## What needs to be done
When the line with "this 1800×1200 image." comes up, set it down and every later line to the end of the data, exactly and without pictures.

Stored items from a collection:
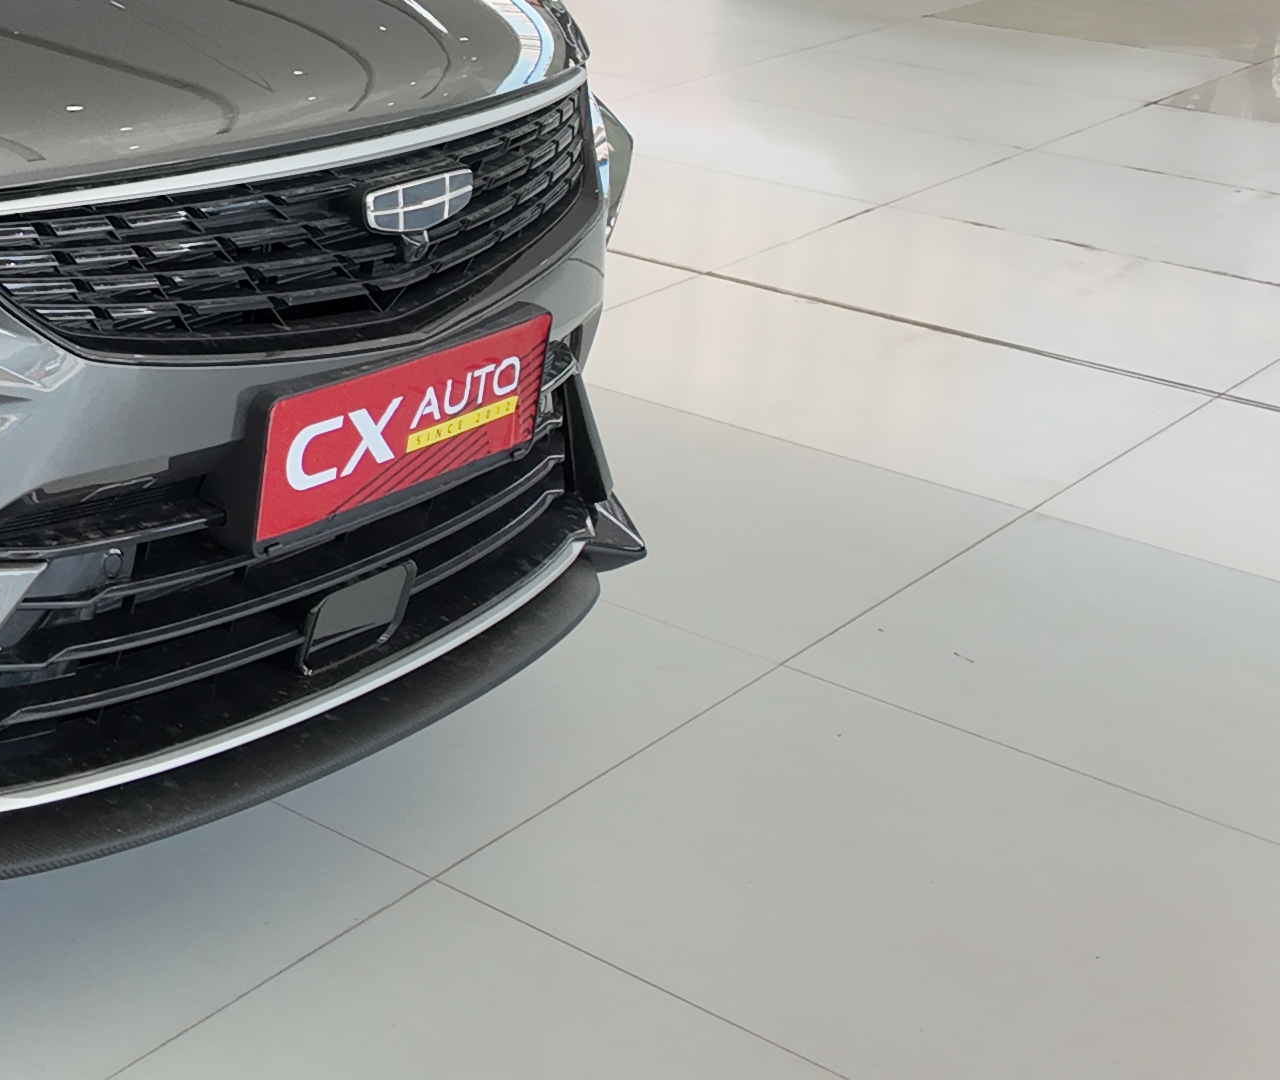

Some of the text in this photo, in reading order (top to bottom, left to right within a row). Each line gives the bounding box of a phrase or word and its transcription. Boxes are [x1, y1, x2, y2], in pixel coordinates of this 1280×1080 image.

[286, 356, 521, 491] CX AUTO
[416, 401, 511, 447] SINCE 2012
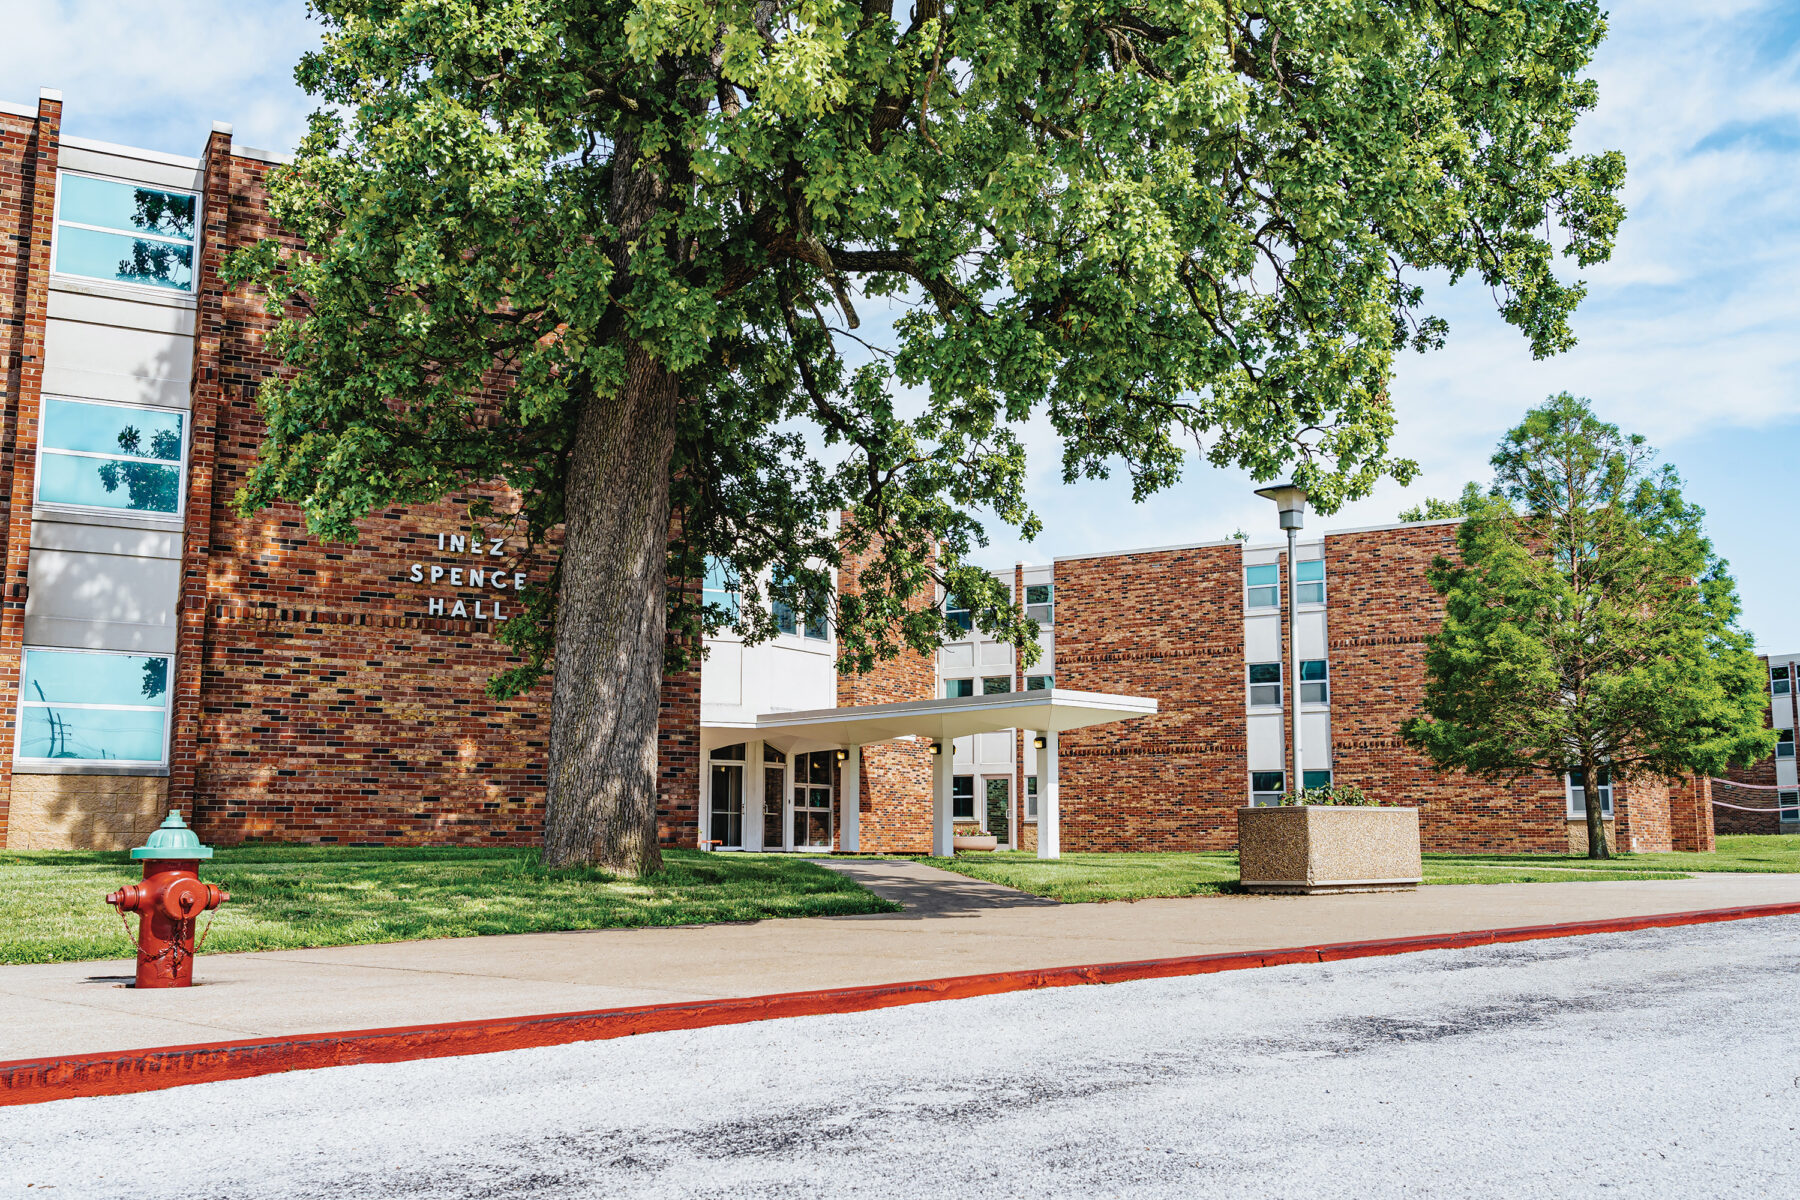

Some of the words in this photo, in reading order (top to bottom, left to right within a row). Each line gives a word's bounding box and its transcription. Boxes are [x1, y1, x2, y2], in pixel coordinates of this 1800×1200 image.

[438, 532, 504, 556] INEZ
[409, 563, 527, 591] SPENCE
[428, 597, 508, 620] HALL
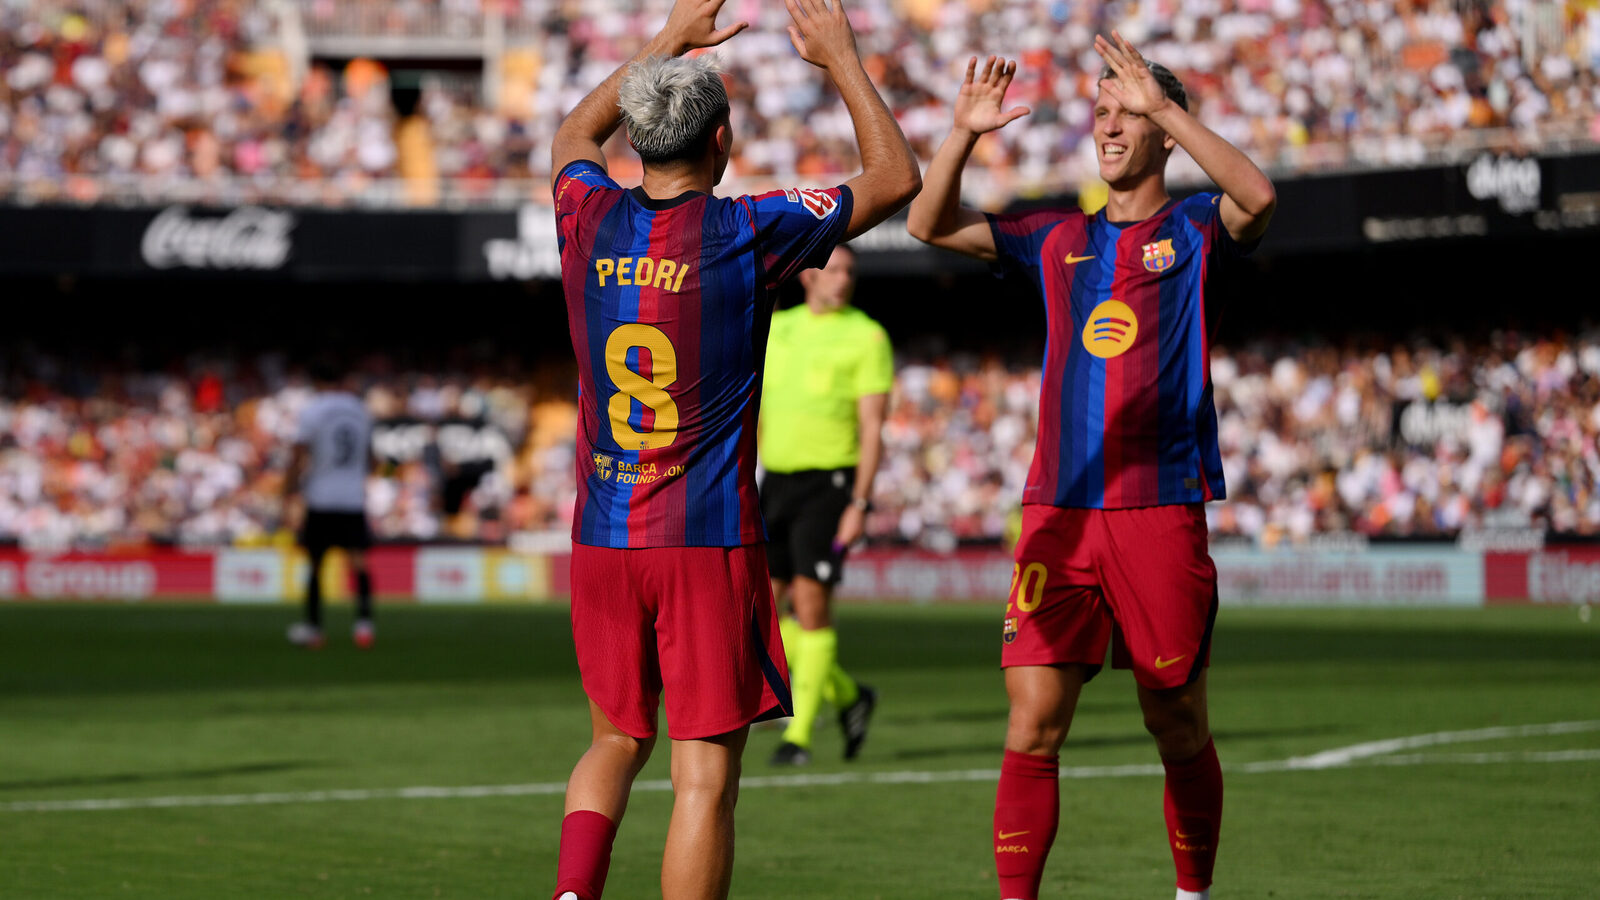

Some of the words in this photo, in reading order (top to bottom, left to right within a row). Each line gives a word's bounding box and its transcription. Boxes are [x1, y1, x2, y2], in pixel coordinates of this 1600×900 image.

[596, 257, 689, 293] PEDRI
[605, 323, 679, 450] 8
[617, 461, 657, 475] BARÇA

## Written response
Some of the words in this photo, in reading order (top to bottom, left to right within a row). Each line gives a word's bounding box and its transcription. Boxes are [x1, y1, x2, y2], in pixel coordinates of this 1800×1200 image.

[438, 532, 504, 556] INEZ
[409, 563, 527, 591] SPENCE
[428, 597, 508, 620] HALL

Some of the words in this photo, in reading order (top to bottom, left to right within a row). Each line gives a word's bounding box and its transcription. Boxes are [x1, y1, x2, y2], in pixel coordinates of this 1600×900 image.

[596, 257, 689, 293] PEDRI
[605, 323, 679, 450] 8
[617, 461, 657, 475] BARÇA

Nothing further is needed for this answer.